A final limitation is that, in the real world, clinicians are not limited to just 1 treatment option. National Ambulatory Medical Care Survey data suggest that patients presenting with low back pain are commonly given more than 1 treatment.12 Often, acetaminophen is combined with an NSAID or a muscle relaxant. Less commonly, patients are given a narcotic for the first few days of pain. To our knowledge, no studies have been done to determine the optimum combination of treatment modalities. Since many of these treatments may be operating on different aspects of back pain, there may be an additive effect. On the other hand, overmedication is a common problem among patients, and more may not be better. Studies to look at back pain management with a combination of common therapies are needed. Some clinicians, well versed with the sedative effects of cyclobenzaprine, prescribe it for the short term as a nighttime medicine. The trials in our analysis all used a 2 or 3 times daily dose. Whether similar benefits will accrue with a single nighttime dose is uncertain.
We conclude that cyclobenzaprine is significantly better at relieving back pain than placebo at all times measured. Patients can expect about a 5-fold increase in the odds of experiencing improvement by 14 days and up to 2 SDs of improvement, a moderate effect size. Clinicians will need to treat 3 patients to improve the symptoms of 1. Adverse effects will be common, experienced in more than half of the patients, with 20% experiencing drowsiness.
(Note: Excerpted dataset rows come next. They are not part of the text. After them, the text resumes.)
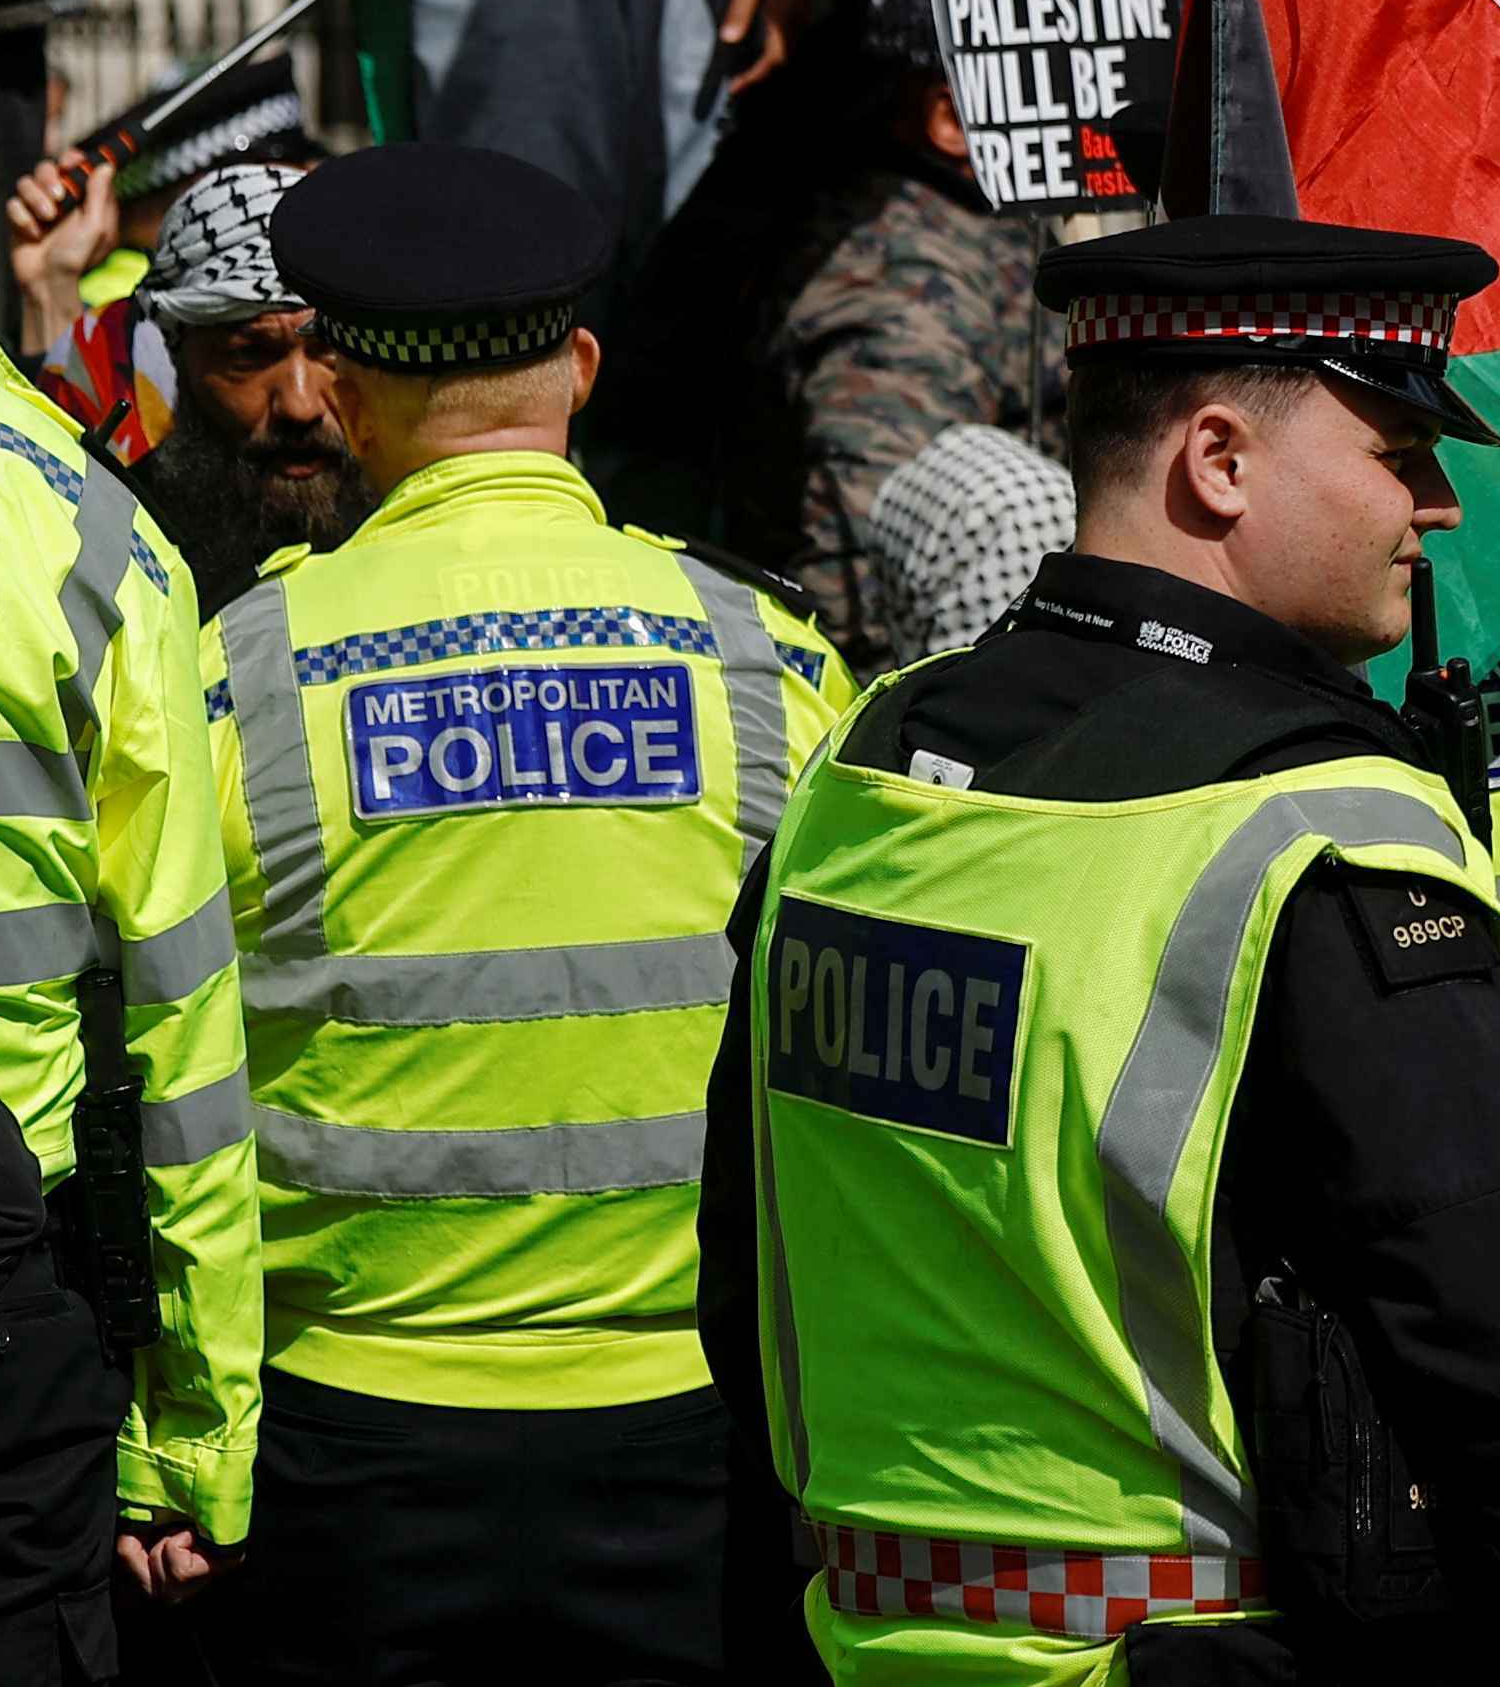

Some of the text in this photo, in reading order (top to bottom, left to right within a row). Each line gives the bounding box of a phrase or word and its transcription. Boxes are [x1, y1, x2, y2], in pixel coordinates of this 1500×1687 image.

[952, 46, 1133, 125] WILL BE
[967, 124, 1078, 205] FREE
[454, 566, 618, 609] POLICE
[1163, 633, 1211, 660] POLICE
[364, 676, 678, 726] METROPOLITAN
[369, 721, 684, 800] POLICE
[1392, 915, 1466, 948] 989CP
[780, 935, 1002, 1102] POLICE
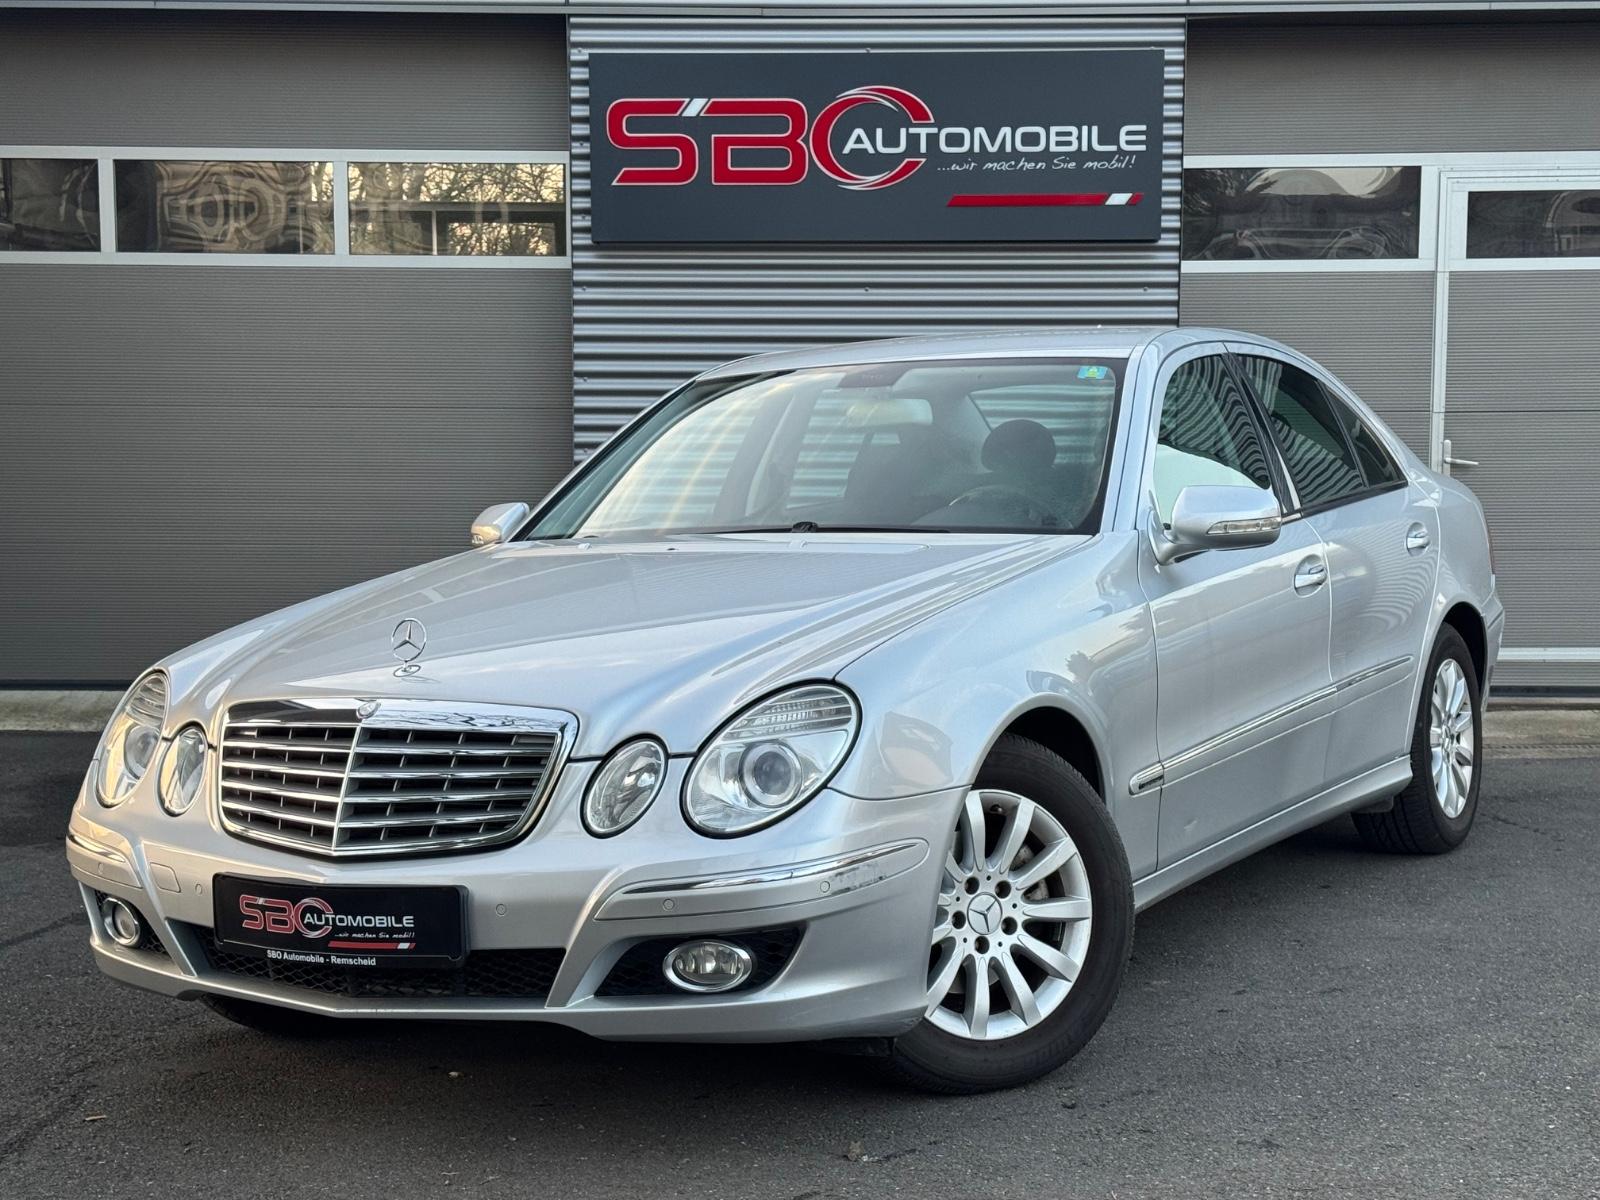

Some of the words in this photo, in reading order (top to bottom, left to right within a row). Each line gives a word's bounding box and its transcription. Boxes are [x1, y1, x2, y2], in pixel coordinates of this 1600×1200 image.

[842, 124, 1148, 155] AUTOMOBILE
[986, 155, 1047, 171] machen
[1053, 155, 1077, 170] Sie
[1083, 156, 1136, 170] mobil!
[303, 913, 415, 928] AUTOMOBILE
[266, 949, 282, 960] SBO
[283, 953, 325, 964] Automobile
[330, 955, 377, 966] Remscheid
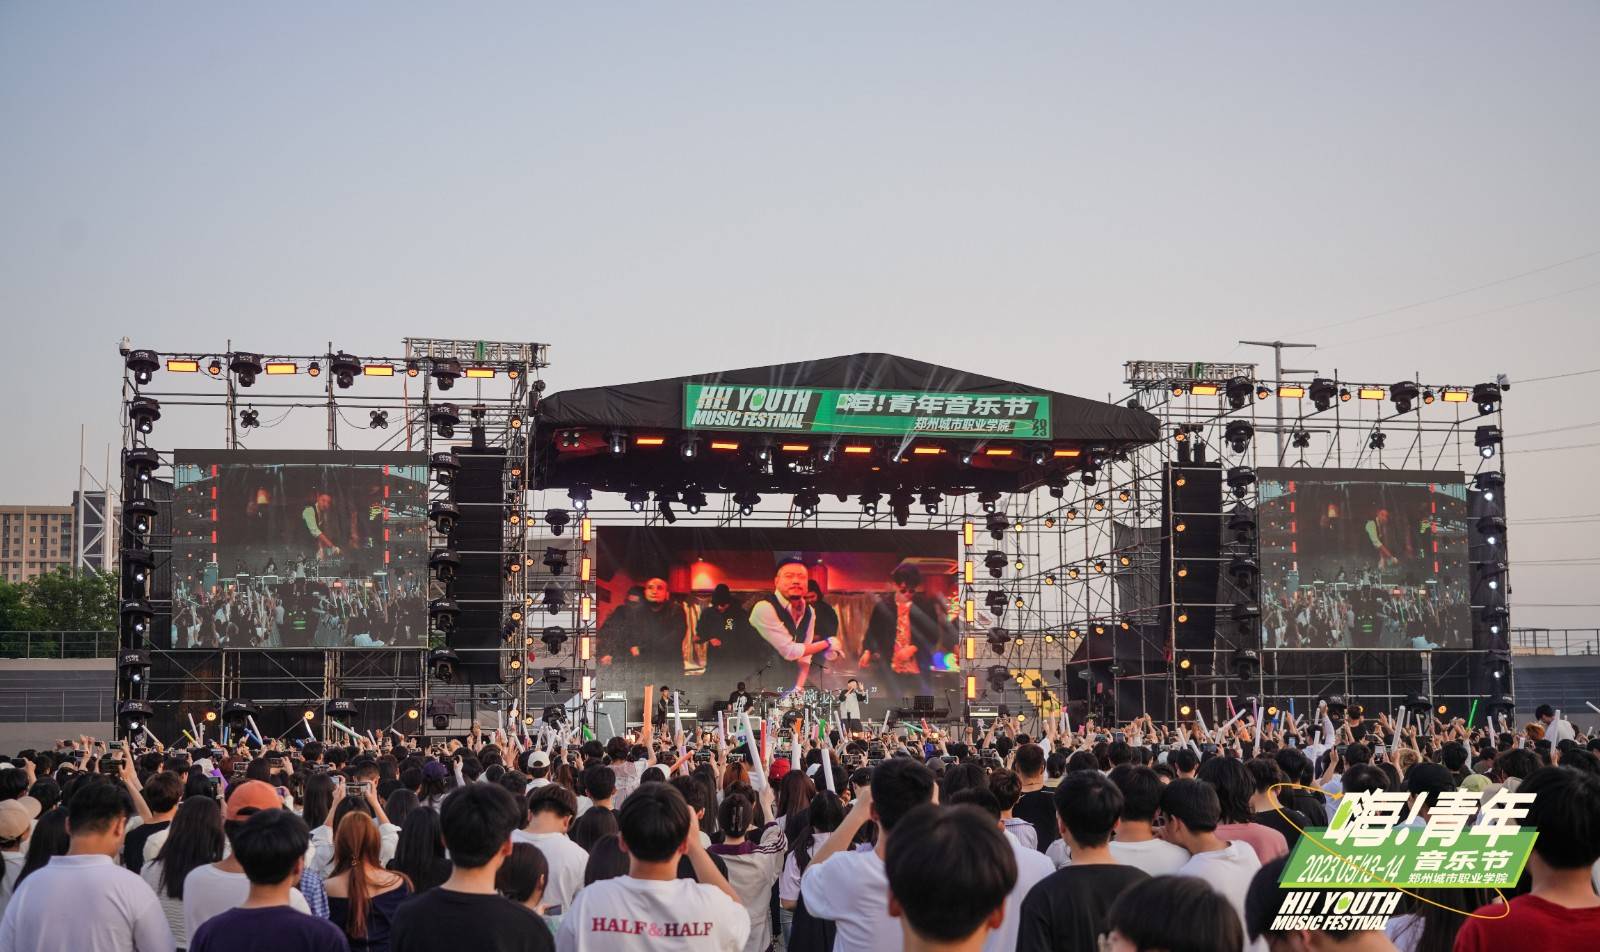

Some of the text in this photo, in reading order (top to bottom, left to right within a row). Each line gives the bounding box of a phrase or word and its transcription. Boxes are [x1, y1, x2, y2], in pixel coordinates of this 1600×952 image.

[696, 386, 813, 413] HI! YOUTH
[836, 393, 1033, 416] 嗨!青年音乐节
[691, 409, 805, 429] MUSIC FESTIVAL
[914, 416, 1010, 432] 郑州城市职业学院
The treatment effect is greatest early, suggesting that a short course may be preferable, although even at 2 weeks patients given cyclobenzaprine had slightly better results on all 5 domains of back pain. Studies to determine the optimum combination and duration of treatment in the management of acute back pain are needed.
Accepted for publication December 5, 2000.
The opinions or assertions contained herein are the private views of the authors and are not to be construed as official or as reflecting those of the Department of the Army or the Department of Defense.